» **What is being asked**
From the first line to the last, copy the data exactly and drop the pictures.

Collected data:
----------------

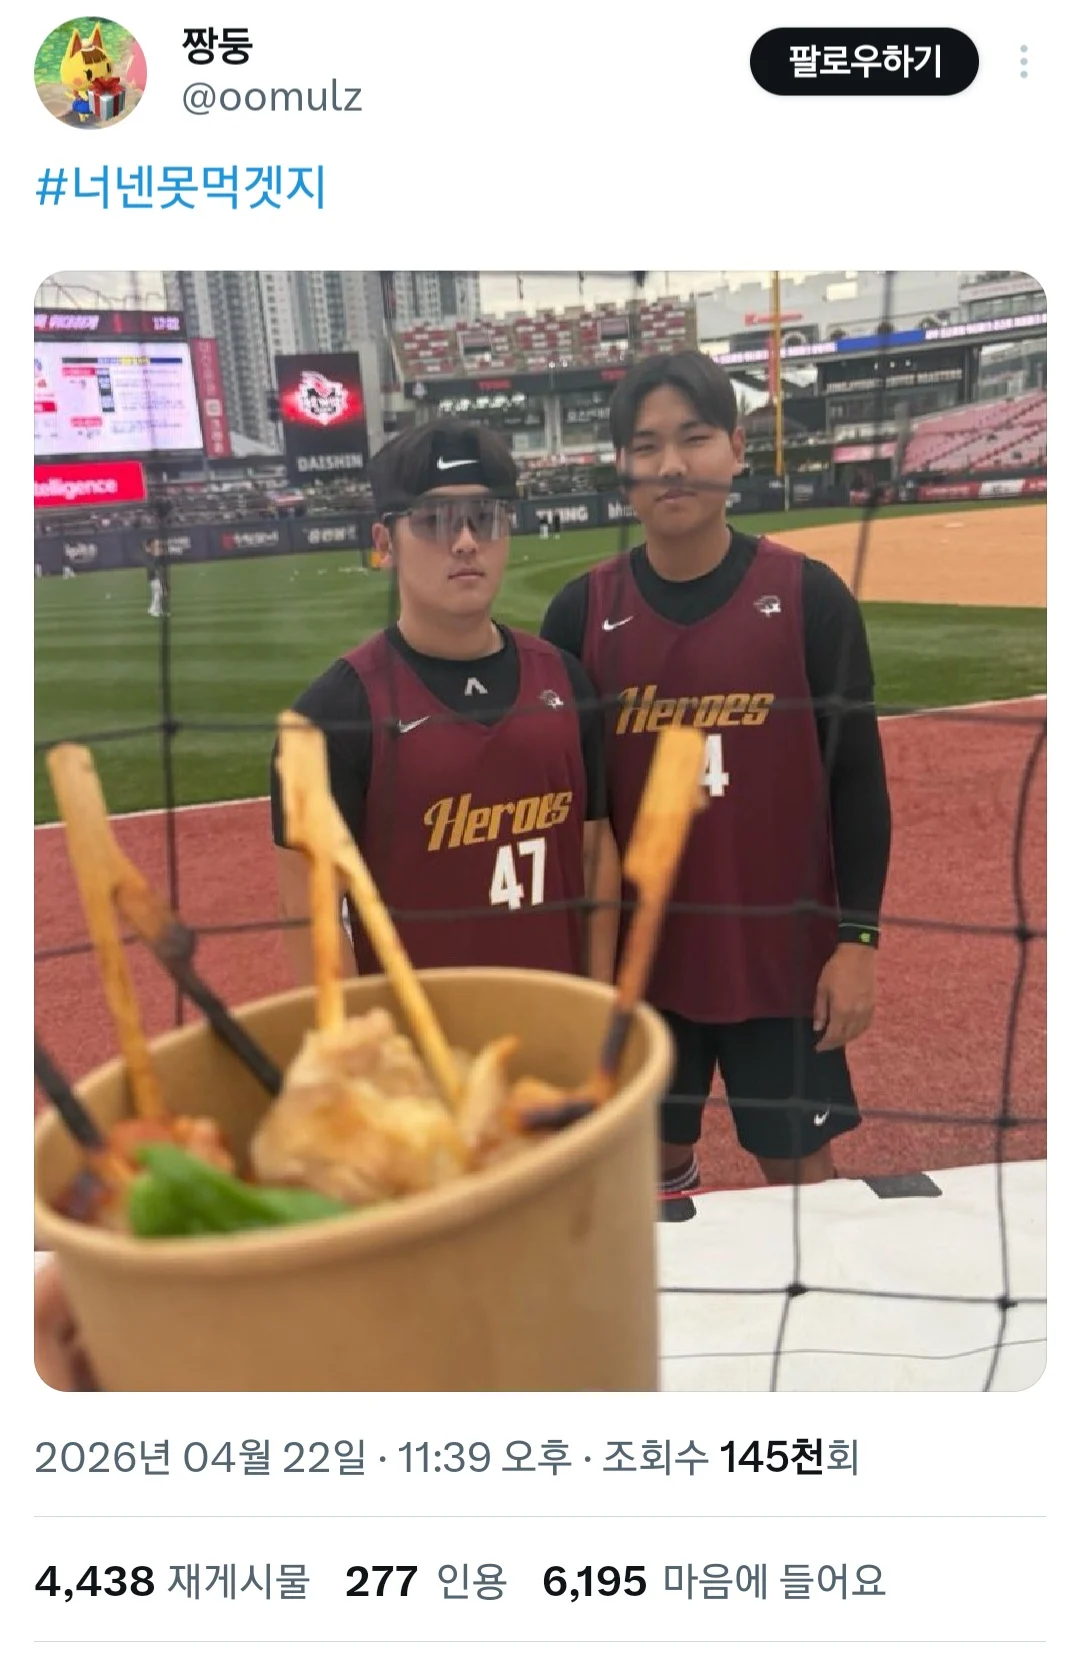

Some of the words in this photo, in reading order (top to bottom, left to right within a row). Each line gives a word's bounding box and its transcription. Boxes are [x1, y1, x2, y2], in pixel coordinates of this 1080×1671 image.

[297, 454, 363, 471] DAISHIN
[615, 684, 775, 735] Heroes
[423, 792, 573, 851] Heroes
[489, 837, 547, 910] 47
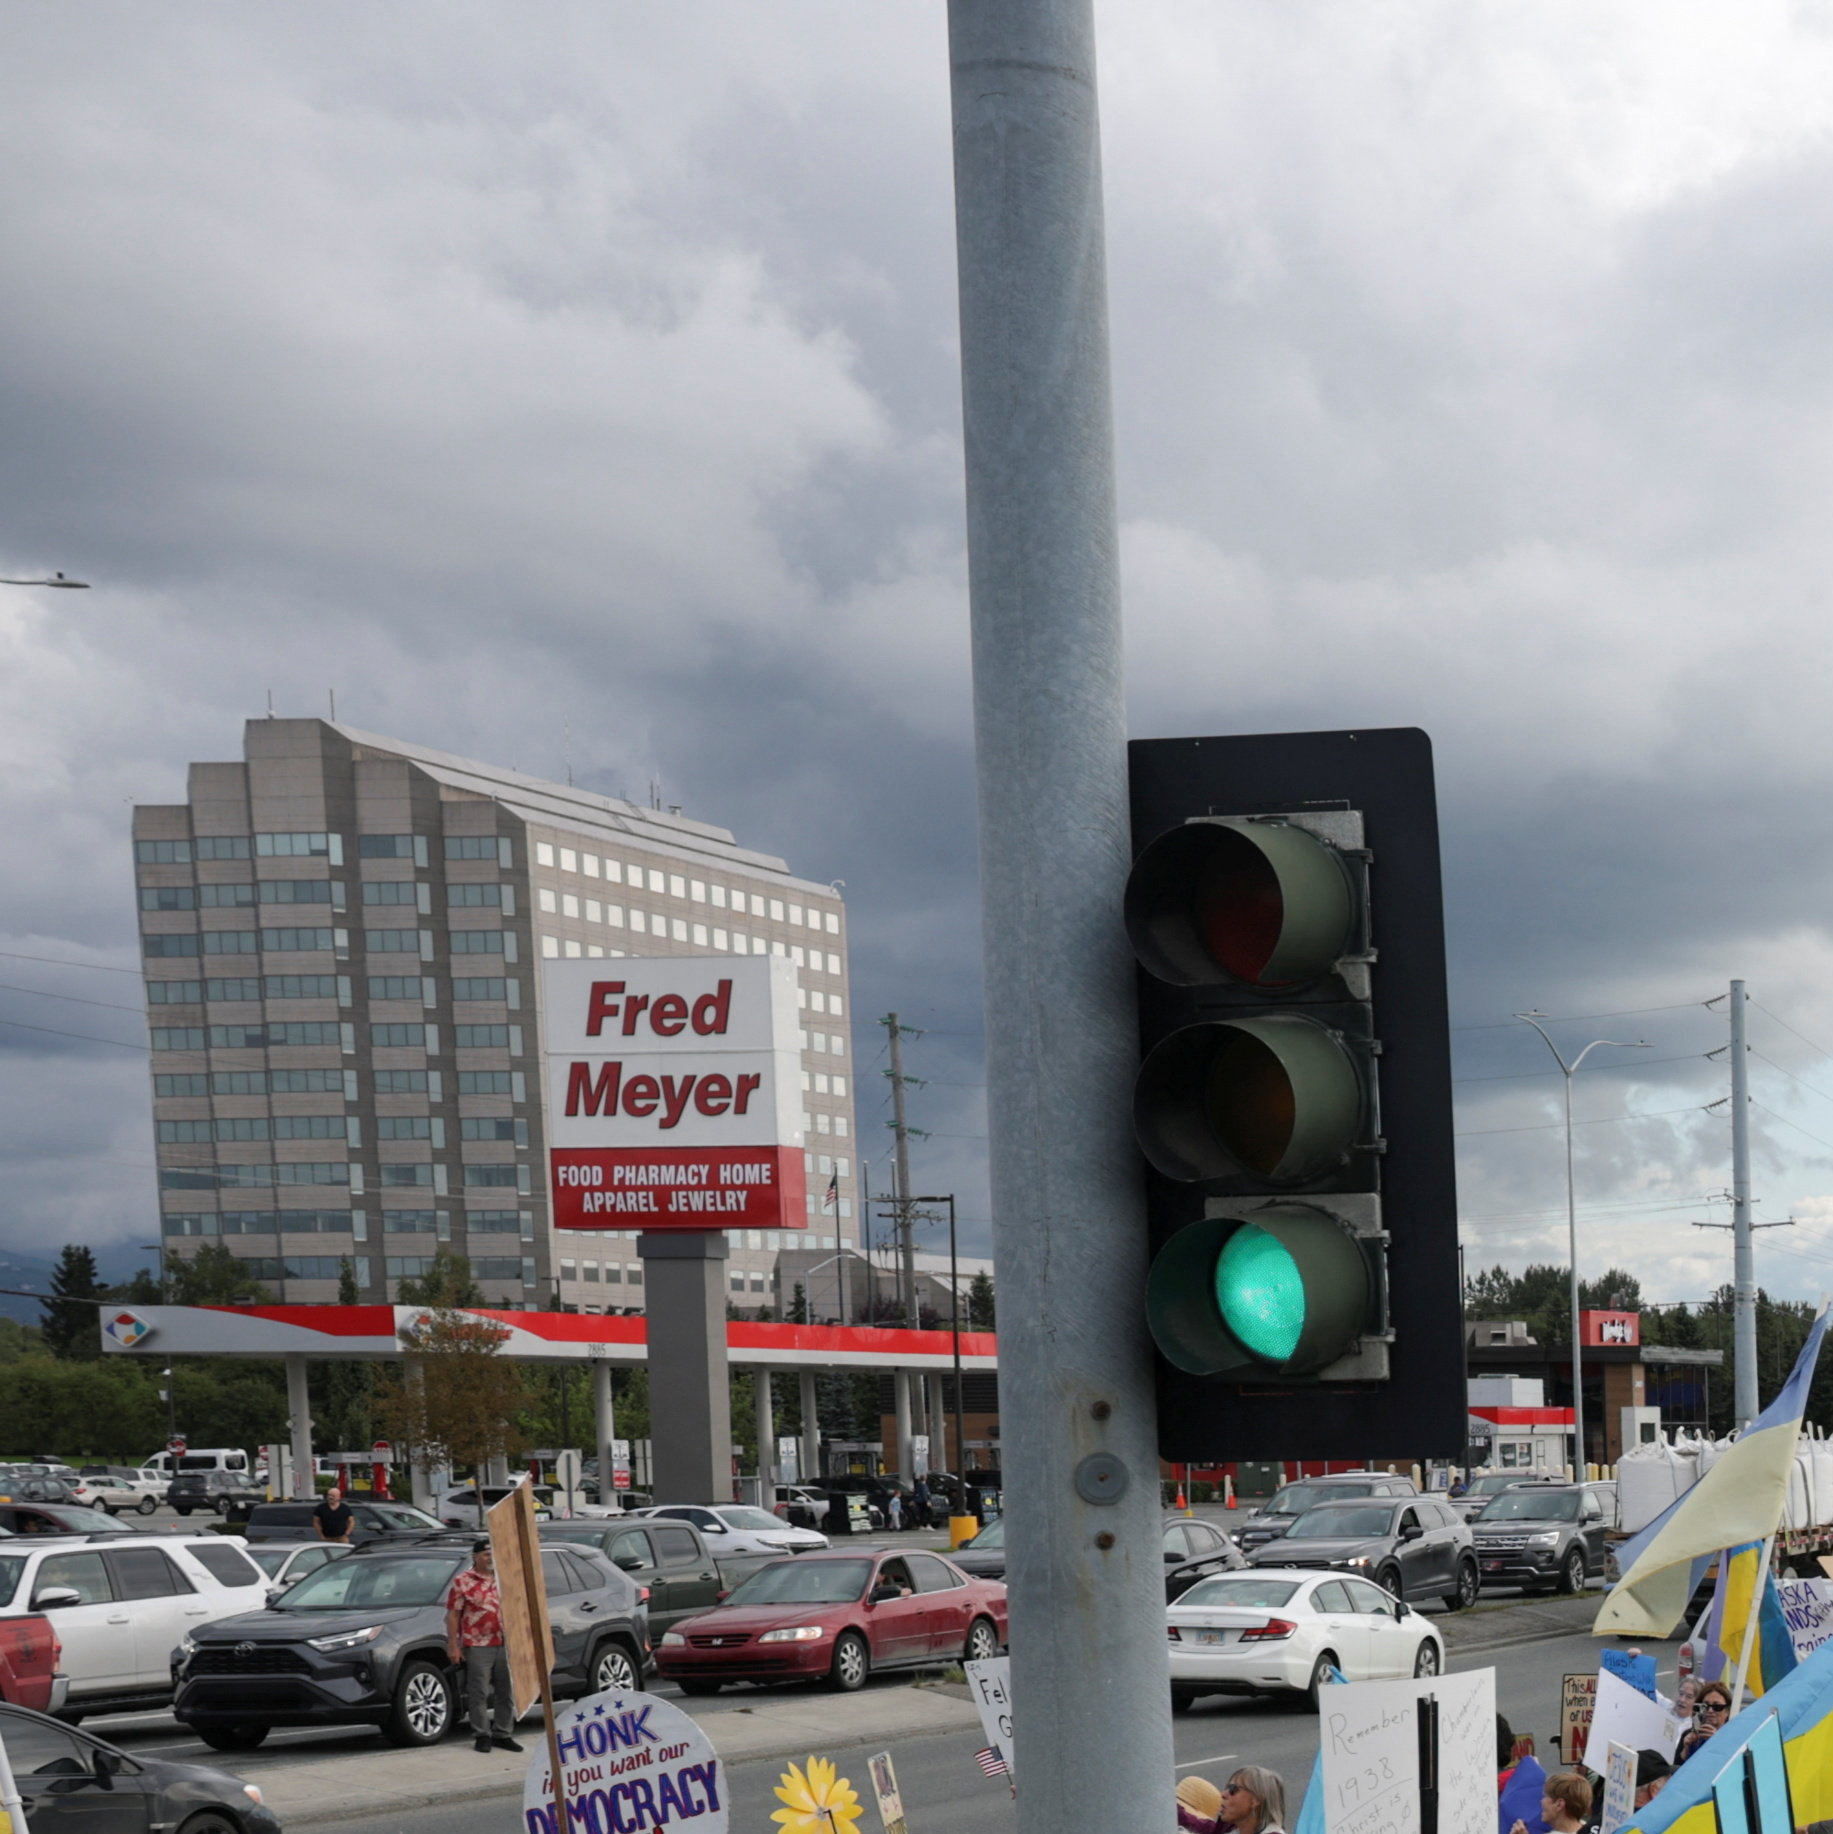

----------------

» **Answer box**
Some of the words in this photo, in reading order (top to bottom, left to right within a row). Each line gives a word's bounding box and its transcription. Boxes are [x1, y1, x2, y2], in pixel coordinates of this 1080×1671 image.

[297, 454, 363, 471] DAISHIN
[615, 684, 775, 735] Heroes
[423, 792, 573, 851] Heroes
[489, 837, 547, 910] 47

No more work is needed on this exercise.